With four murder inquiries in play, JK Rowling’s eighth Cormoran Strike novel avoids the page-padding longeurs of previous volumes – but will he finally tell Robin how he feels about her?

In his popular BBC series Just One Thing, the late Michael Mosley made the case for resistance training. Lifting weights, he explained, not only builds stronger muscles, it also boosts the immune system, maintains a healthy heart and improves brain function. Best of all, it can be done in your kitchen, using ordinary domestic items: pints of milk in place of dumbbells, say, or squats wearing a backpack full of books.
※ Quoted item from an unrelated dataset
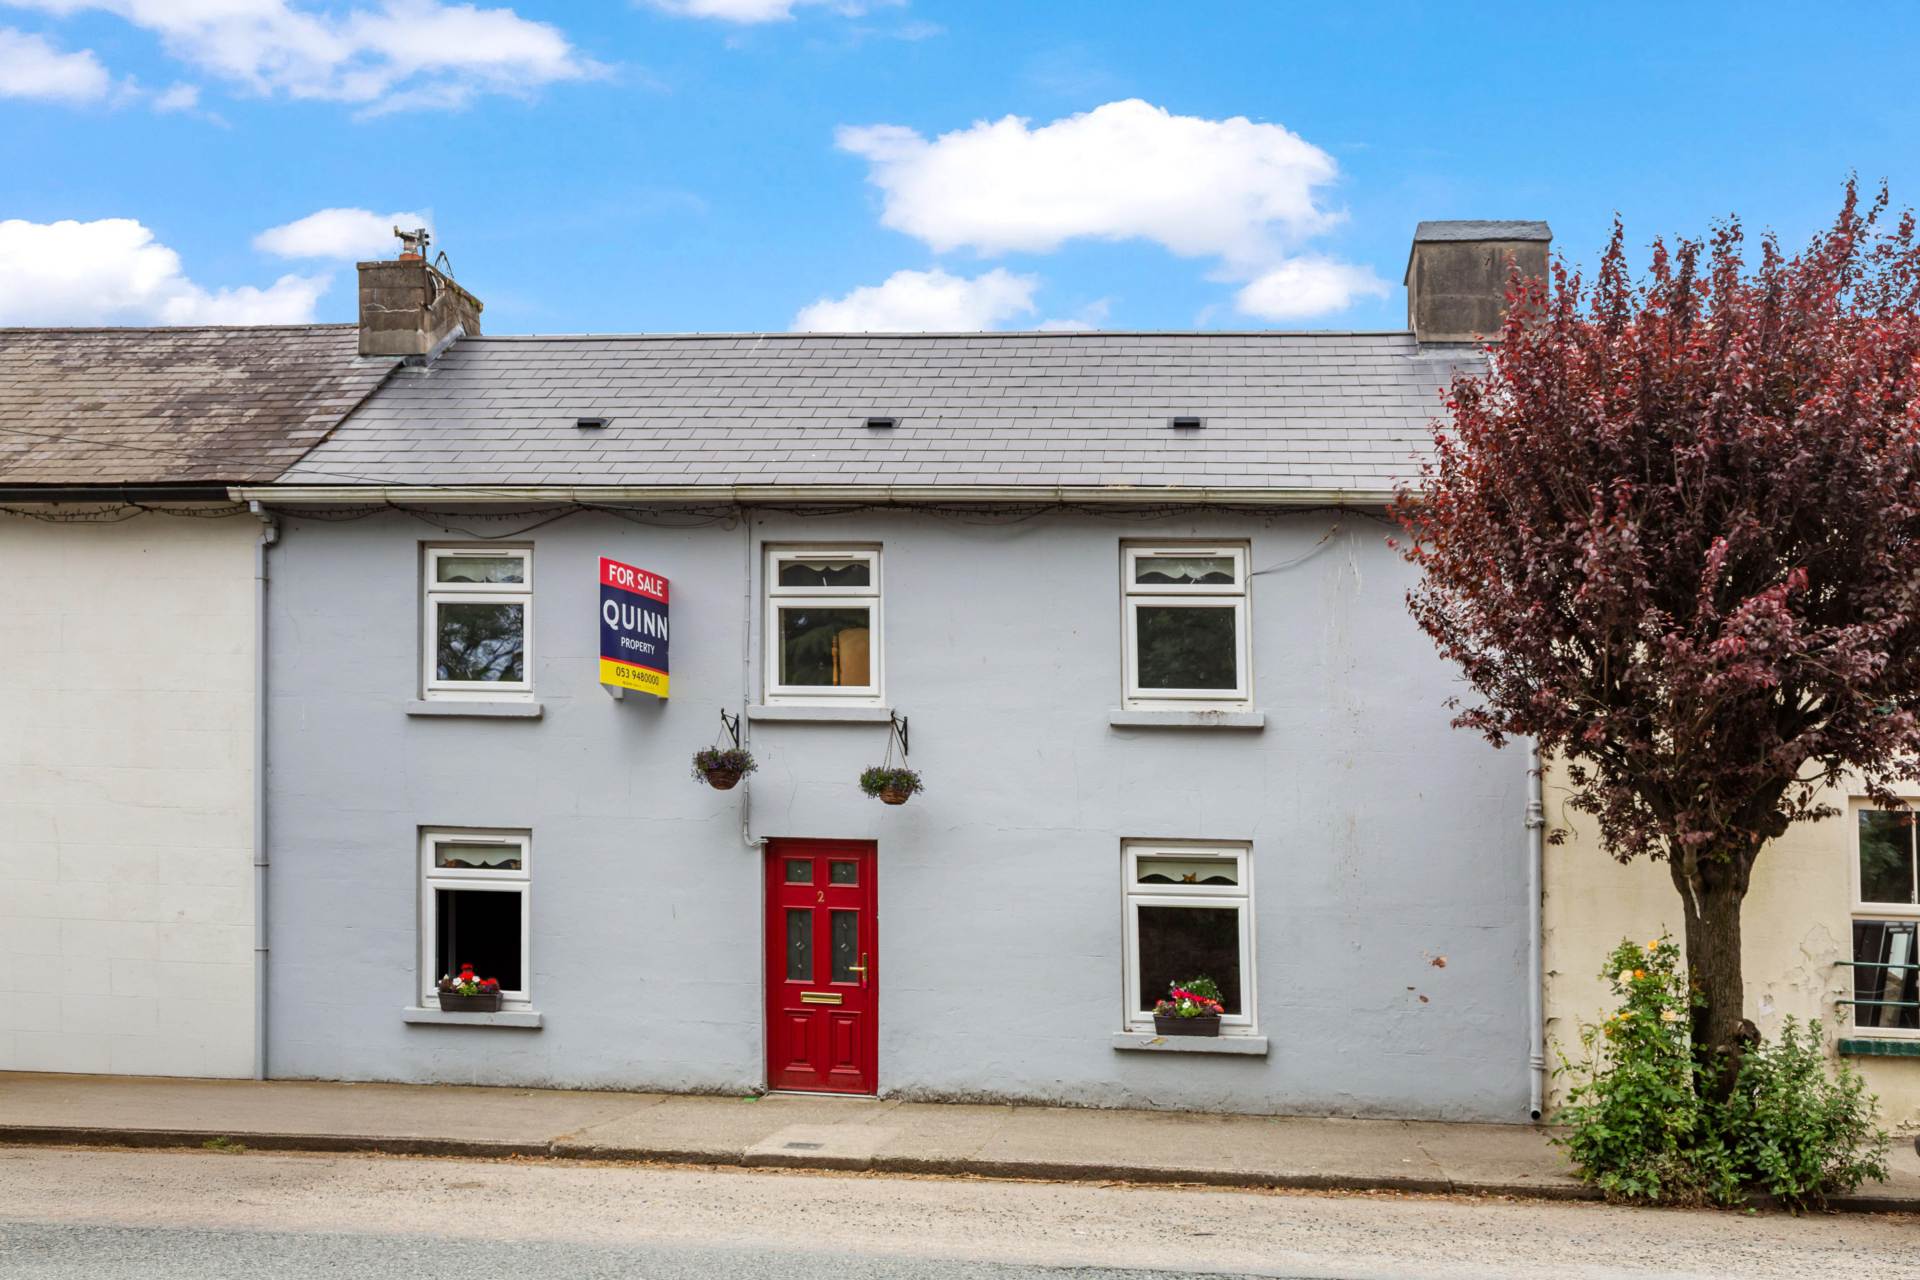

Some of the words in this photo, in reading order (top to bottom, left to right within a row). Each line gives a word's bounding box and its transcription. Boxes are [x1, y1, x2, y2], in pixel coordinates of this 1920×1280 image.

Anyone intending to use Robert Galbraith’s Strike novels for this purpose would be advised to seek the advice of a GP. The Hallmarked Man may not be the heftiest of the eight so far – it does not even make it into the top three – but it still clocks in at a cool 912 pages. Galbraith’s tendency to whopperdom has in the past elicited a fair amount of griping from critics, me among them, who argued that judicious pruning would better serve her plots and her charismatic private detective duo, the sweary one-legged army veteran Cormoran Strike and his brave, decent business partner Robin Ellacott. Not that it changed anything. The books remained resolutely huge (as did sales – by 2024, a staggering 20 million books had been sold in over 50 countries). Galbraith, otherwise known as JK Rowling, has never been one to bow to her detractors.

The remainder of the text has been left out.